*EXERCISE MATERIAL*:

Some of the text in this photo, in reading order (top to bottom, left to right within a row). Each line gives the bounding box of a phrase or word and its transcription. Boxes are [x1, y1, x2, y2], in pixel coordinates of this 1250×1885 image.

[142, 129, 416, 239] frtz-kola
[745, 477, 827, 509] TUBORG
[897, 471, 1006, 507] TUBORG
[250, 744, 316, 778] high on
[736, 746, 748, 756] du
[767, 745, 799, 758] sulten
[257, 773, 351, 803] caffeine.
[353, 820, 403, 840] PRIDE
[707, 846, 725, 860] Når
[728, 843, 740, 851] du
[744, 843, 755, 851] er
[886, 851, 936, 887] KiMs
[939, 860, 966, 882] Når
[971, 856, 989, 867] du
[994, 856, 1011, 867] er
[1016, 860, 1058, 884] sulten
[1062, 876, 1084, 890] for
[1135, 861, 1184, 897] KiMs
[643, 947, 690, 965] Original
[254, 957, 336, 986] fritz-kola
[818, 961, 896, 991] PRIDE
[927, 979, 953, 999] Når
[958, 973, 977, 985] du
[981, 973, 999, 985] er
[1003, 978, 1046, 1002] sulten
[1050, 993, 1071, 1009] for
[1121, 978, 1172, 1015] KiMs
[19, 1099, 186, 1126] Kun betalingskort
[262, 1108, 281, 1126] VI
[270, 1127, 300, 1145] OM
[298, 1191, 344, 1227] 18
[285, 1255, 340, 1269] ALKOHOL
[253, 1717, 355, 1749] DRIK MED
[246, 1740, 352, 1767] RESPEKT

*ASSIGNMENT*:
Please set down all of the records exactly.

*SOLUTION TO THE PROBLEM*:
Some of the text in this photo, in reading order (top to bottom, left to right within a row). Each line gives the bounding box of a phrase or word and its transcription. Boxes are [x1, y1, x2, y2], in pixel coordinates of this 1250×1885 image.

[142, 129, 416, 239] frtz-kola
[745, 477, 827, 509] TUBORG
[897, 471, 1006, 507] TUBORG
[250, 744, 316, 778] high on
[736, 746, 748, 756] du
[767, 745, 799, 758] sulten
[257, 773, 351, 803] caffeine.
[353, 820, 403, 840] PRIDE
[707, 846, 725, 860] Når
[728, 843, 740, 851] du
[744, 843, 755, 851] er
[886, 851, 936, 887] KiMs
[939, 860, 966, 882] Når
[971, 856, 989, 867] du
[994, 856, 1011, 867] er
[1016, 860, 1058, 884] sulten
[1062, 876, 1084, 890] for
[1135, 861, 1184, 897] KiMs
[643, 947, 690, 965] Original
[254, 957, 336, 986] fritz-kola
[818, 961, 896, 991] PRIDE
[927, 979, 953, 999] Når
[958, 973, 977, 985] du
[981, 973, 999, 985] er
[1003, 978, 1046, 1002] sulten
[1050, 993, 1071, 1009] for
[1121, 978, 1172, 1015] KiMs
[19, 1099, 186, 1126] Kun betalingskort
[262, 1108, 281, 1126] VI
[270, 1127, 300, 1145] OM
[298, 1191, 344, 1227] 18
[285, 1255, 340, 1269] ALKOHOL
[253, 1717, 355, 1749] DRIK MED
[246, 1740, 352, 1767] RESPEKT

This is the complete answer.